(6 years, 6 months ago)
Lords ChamberMy Lords, I have three amendments in this group: Amendments 27, 47 and 52. Amendment 27 seeks a review of the small claims limit. We say that the provisions of the Bill cannot be satisfactorily considered unless at the same time the Government are prepared to discuss what will happen with the small claims limit.
The proposal is that the small claims limit will rise to £10,000 and to £5,000 in these cases, and that will effectively exclude all the whiplash claims on this tariff, with the claimants being unable to recover costs, apart from the very limited fixed costs. If that goes ahead, there will be no legal representation in respect of nearly all whiplash claims. Of course, that will not be limited to fraudulent claims; it will penalise genuine claimants as well.
The reason why there will be no legal representation is that, essentially, the vast majority of these claims are dealt with on conditional fee agreements whereby no fee is paid unless there is recovery. If there can be no costs recovery, even the fixed costs allowable under the protocol, there will be no legal representation. It looks very much, therefore, as if the purpose of the damages sections of this legislation is to wipe out these claims indiscriminately—fraudulent or genuine. There are two swipes. We dealt with the last swipe—cutting the damages to a level whereby, in many cases, it is simply not worth claiming—and changes in the small claims limit would effectively remove the chance of getting a lawyer to work on a conditional fee agreement. We believe that there should be a review of the small claims limit, and we said in our Amendment 27 that the provision may not be brought into force until the Civil Procedure Rule Committee has reviewed the limit of the small claims track for personal injury whiplash claims and published its decision.
Amendment 47 comes back to the question of recoverability of medical reports. It ought to be perfectly obvious that a successful claimant can recover the cost of securing a compulsory medical report or what is termed in the Bill,
“other appropriate evidence of an injury”,
even in the absence of a rule that the claimant can recover other fixed costs. When I raised this point at Second Reading, the Minister said that there would be such recovery. I quoted the impact statement showing that all successful claimants would have to pay the £216 for the medical report. The Minister said no, that was not right and the savings calculated that formed the basis of what I alleged were calculated on the basis of claims avoided, not of all claims. The Government were assuming that a successful claimant would recover the £216—which is £180 plus VAT—in respect of medical reports. At the moment, I can see no provision for that. The Civil Procedure Rules relating to small-claims track cases restrict awards of costs, but by exception they permit, at the discretion of the court, an award of limited costs for experts; but that does not make such costs payable as a matter of course, only as a matter of concession. We seek to have this matter made clear and Amendment 47 is a simple and secure way of ensuring that.

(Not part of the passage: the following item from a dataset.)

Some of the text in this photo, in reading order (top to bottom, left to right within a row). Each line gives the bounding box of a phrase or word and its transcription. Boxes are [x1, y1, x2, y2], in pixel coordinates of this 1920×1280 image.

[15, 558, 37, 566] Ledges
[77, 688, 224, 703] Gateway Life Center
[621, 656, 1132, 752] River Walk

Amendment 52 is a further probing amendment: probing in the sense that, at Second Reading, the Minister expressed considerable sympathy with the idea of having a new protocol for small claims. The existing pre-action protocol for low-value personal injury claims in road traffic accidents came into force in 2010, and it has been kept up to date since. It introduced a simple low-cost way of pursuing claims, generally through lawyers acting on conditional fee agreements—often “CFA lite”, as they are called—whereby lawyers effectively guarantee that there will be no liability on their clients at all to pay fees, because under the existing protocol they will recover the fixed costs from the defendant’s insurers, which they are able to do. The protocol has its faults, not least—some would argue—that the protocol has of itself increased the number of whiplash claims, including the number of fraudulent claims. That is partly because it is very computer-based. It works on the basis of the portal: generally speaking, everyone has to use the portal; the claims are notified and the insurers respond through the portal. There is very little personal checking of what is in fact happening to such claims.

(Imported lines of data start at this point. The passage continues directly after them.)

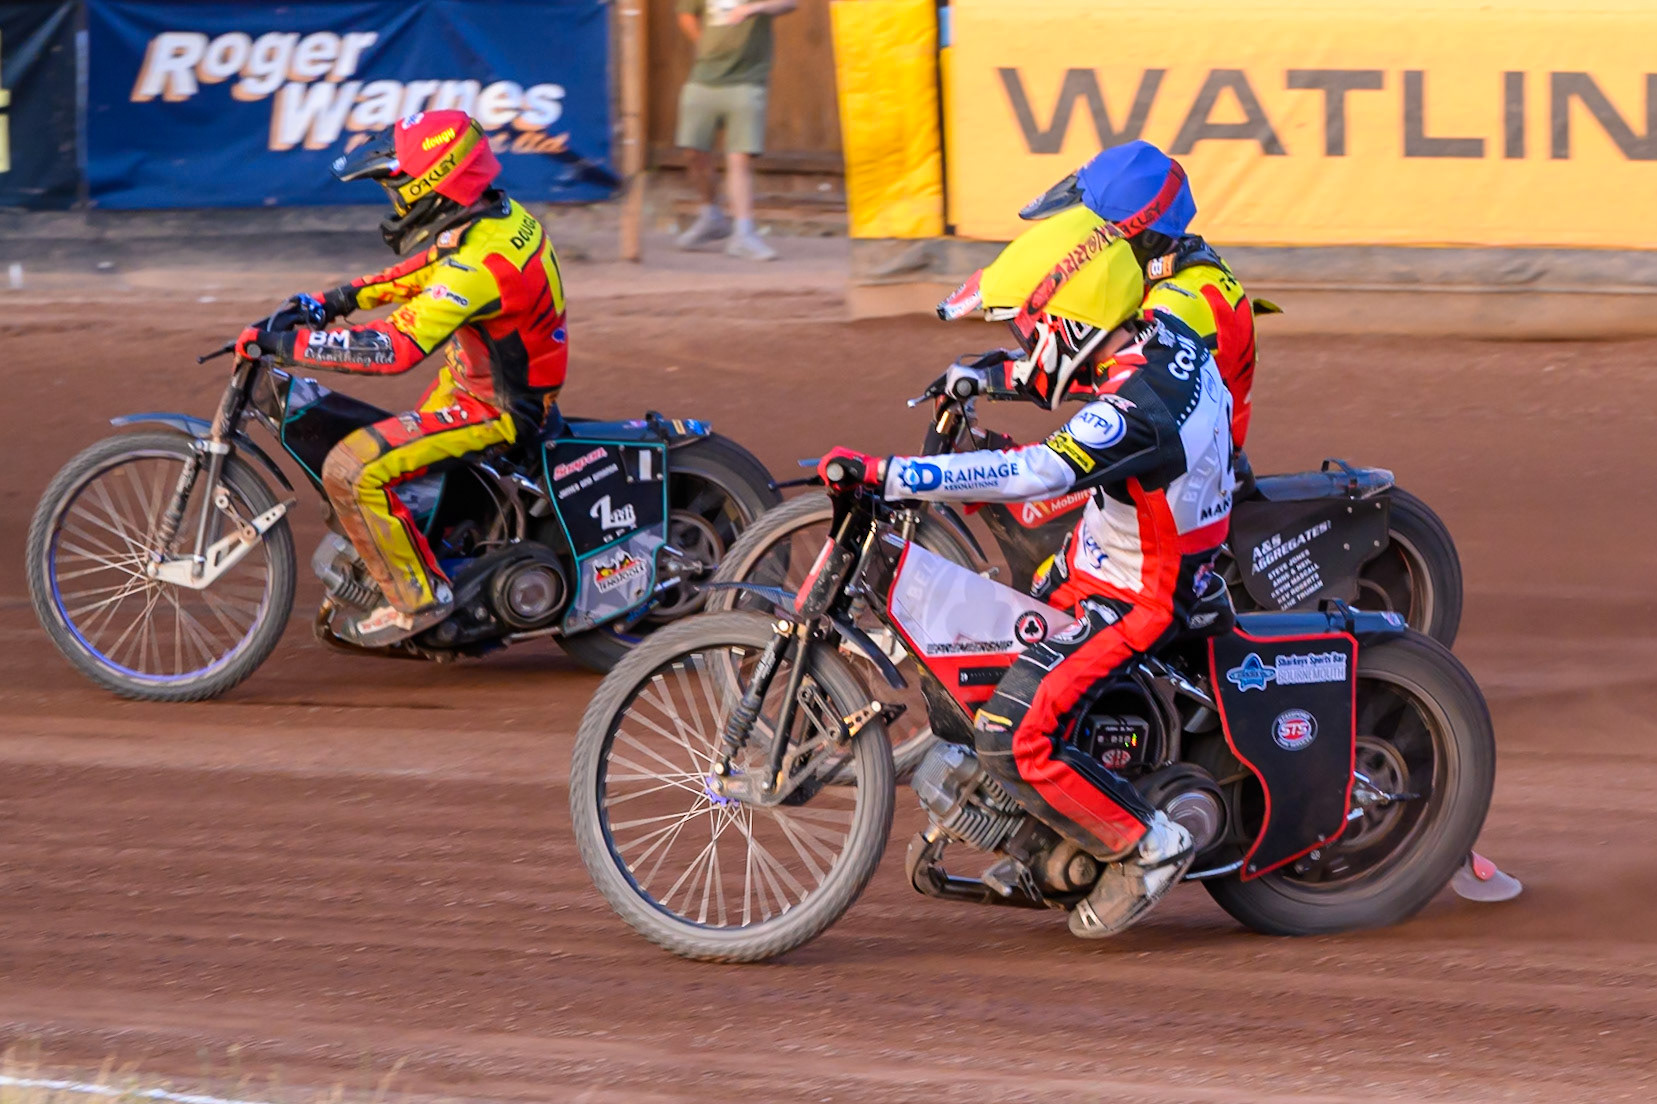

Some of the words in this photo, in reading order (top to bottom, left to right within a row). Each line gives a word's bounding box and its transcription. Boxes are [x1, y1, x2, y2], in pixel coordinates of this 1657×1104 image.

[131, 31, 379, 102] Roger
[269, 80, 567, 151] Warnes
[998, 67, 1657, 160] WATLIN
[410, 153, 457, 196] OAKLEY
[1119, 201, 1162, 236] AKLEY
[308, 329, 350, 349] BM
[1079, 411, 1114, 435] ATPI
[1267, 562, 1288, 580] STEVE
[1280, 722, 1309, 737] STS

It is also suggested that, arguably, the number of claims settled by insurers without proper investigation has increased. That is for the simple commercial reason that insurers prefer to pay small claims and fixed costs rather than contest cases outside the protocol. That is a danger in relation to all of these proposals. The Government have not sufficiently considered that insurers will find it easier to settle smaller claims under the tariff than to settle larger claims under the Judicial College Guidelines, as they do now, a point made by the noble Baroness, Lady Berridge.

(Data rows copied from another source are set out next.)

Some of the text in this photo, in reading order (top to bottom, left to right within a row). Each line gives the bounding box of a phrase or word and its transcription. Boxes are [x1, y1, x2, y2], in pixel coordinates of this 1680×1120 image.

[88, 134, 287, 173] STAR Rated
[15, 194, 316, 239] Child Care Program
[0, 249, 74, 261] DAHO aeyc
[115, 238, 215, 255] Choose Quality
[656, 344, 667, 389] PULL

However, for all its faults, the protocol has increased access to justice for genuine claimants. The concern that this amendment is designed to address is that because the protocol does not apply below the small claims limit and the small claims limit is going to rise, there has to be a parallel protocol for unrepresented claimants that is easy to navigate. Our amendment describes that as having,
“the objective of ensuring that the procedures for claimants pursuing such claims are simple and readily understandable for claimants who are not in receipt of legal advice and representation”.
That is the purpose to which the amendment is directed.
My Lords, I have added my name to Amendments 27, 47 and 52, to which the noble Lord, Lord Marks, has referred, which relate to some of the most fundamental points in the reforms. They involve the procedure which will exist for genuine claimants through the small claims track and/or the portal.
I am saddened but grateful to my noble and learned friend the Minister to learn that it is not an unintended consequence of the Bill that genuine claimants will be caught. It is an intended consequence of the Bill, so there is a high onus to ensure that access to justice is ensured for genuine claimants.
The noble Lord, Lord Marks, referred to no legal representation but, having worked in what was then called small claims arbitration I know that defendants are usually legally represented. In Scotland personal injury claims, which are generally more complex, are outside its equivalent of the small claims procedure because of the asymmetry of the relationship in the small claims track between the claimant and the defendant. Having represented defendants in those circumstances more times than I care to remember, I know that although district judges go out of their way to try to ensure that there is fair procedure, they cannot step outside the boundary of their judicial role. Invariably, therefore, as the legal representative of the defendant, you know that you are at an advantage.
It is important to remember that, on the figures I have been given, 40% of people who buy fully comprehensive insurance do not also buy legal expenses insurance. Therefore, in order to recover their personal injury losses, their uninsured losses, and their often considerable excess losses—which can be about £500—genuine claimants pursuing personal injury losses, more often than not, will be litigants in person using the small claims track or the portal.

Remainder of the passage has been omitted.